Without being more concrete than that, we may detect two problem areas in Mr. Badger's sermonette, it seems to me:

(1) He, along with most of the journalists that he anthologizes from, do not properly "appreciate" the form of policy. This is a third level of appreciation still, different from knowing what the policy materially consists in, and also different from evaluating it. One may speculate, perhaps, that one reason for this failure to appreciate the level in question is that neither he nor they have any detectable ability to make policy. M. Bin Sa‘úd is entirely a different position, and so are the chiefs of the militant Republicans. Prof. Vico's use of verum et factum convertuntur did not originally exclude politics as a universal human science on the on the grounds that most of us can no more make a foreign policy than we can make a helicopter, and Prof. Collingwood assumed that evrybody who took an interest could have true historical knowledge, in his special idealist sense, of what Julius Caesar did, even though we are neither identical with him nor endowed with anything like his degree of power. These views are not necessarily mistaken altogether, but we might look into the possibility that they might, in accordance with their own underlying spirit, be considerably restricted in their application.
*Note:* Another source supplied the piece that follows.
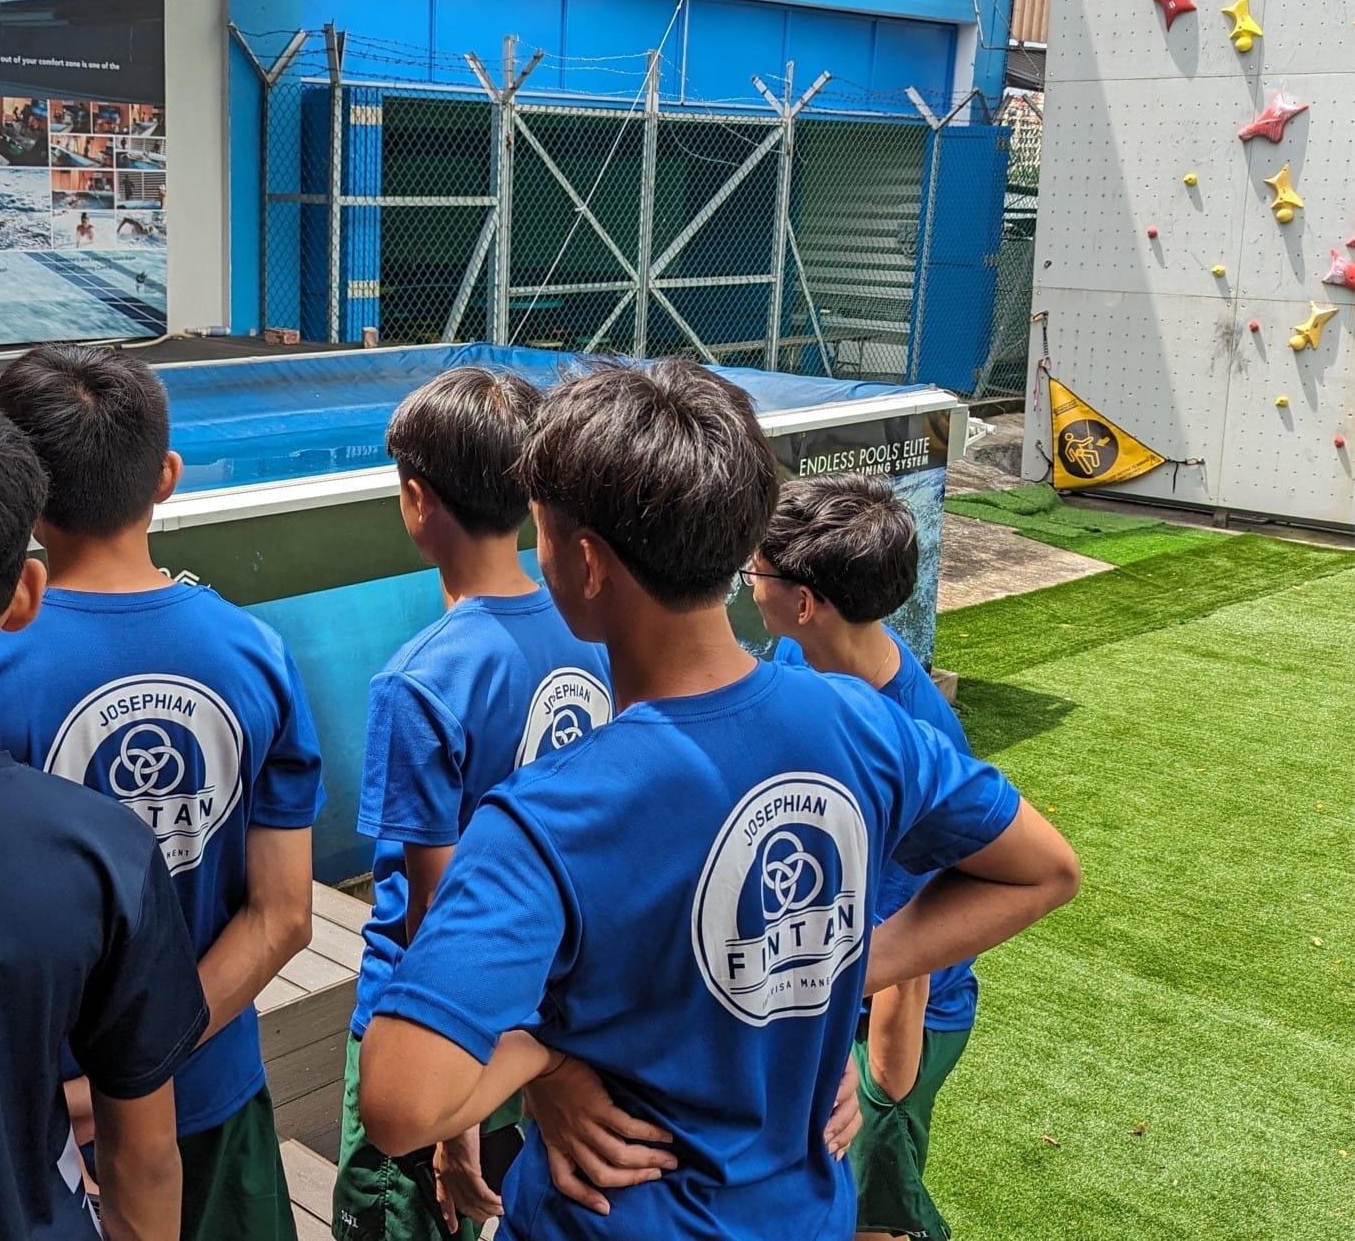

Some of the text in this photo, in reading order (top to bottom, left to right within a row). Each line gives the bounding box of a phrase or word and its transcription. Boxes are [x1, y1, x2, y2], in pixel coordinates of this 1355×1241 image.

(2) To trespass into mere matter, but only very slightly, might we not loosely say that Uncle Sam's Middle Eastern stuff has rather consistently aimed at stability? Exact what has been attempted to be stabilized we need not here discuss, nor whether stabilization of it is a good idea. We may leave open the academic question of whether all policy, properly so called, and simply as such, does not involve some sort of attempted stabilization as well as some sort of generalization. Leaving all these things enshrouded in as much mist and vagueness and abstraction as possible, do we not still have some grounds for suspecting that "volatility" is not only the wrong direction to look in, but wrong by close to one hundred and eighty degrees?

==
Advanced exercises left for the student

(1) Even more materially, does not this antecedent objection to "volatility" apply quite as well in the case of a M. Bin Sa‘úd as in that of a George W. Bush?

(2) On the formal side, is not Area Studies to some extent intrinsically at odds with Policy? And with Law as well? Local colour is all very well in its way, but might not the effective statesperson to some extent be required to dispense with it and deliberately decline to concern herself with certain sorts of details?

(Naturally, Mr. Bones, you and I don't think there is anything wrong with taking an interest in matters that we cannot influence, or in other people's details and ideologies that we have not the slightest intention of adopting for ourselves. Our own practice completely rules out any such objection. Nevertheless, we do not claim to be taking a political or policy interest in such questions, and we are really saying nothing worse about Mr. Badger than that he isn't either. But God knows best.)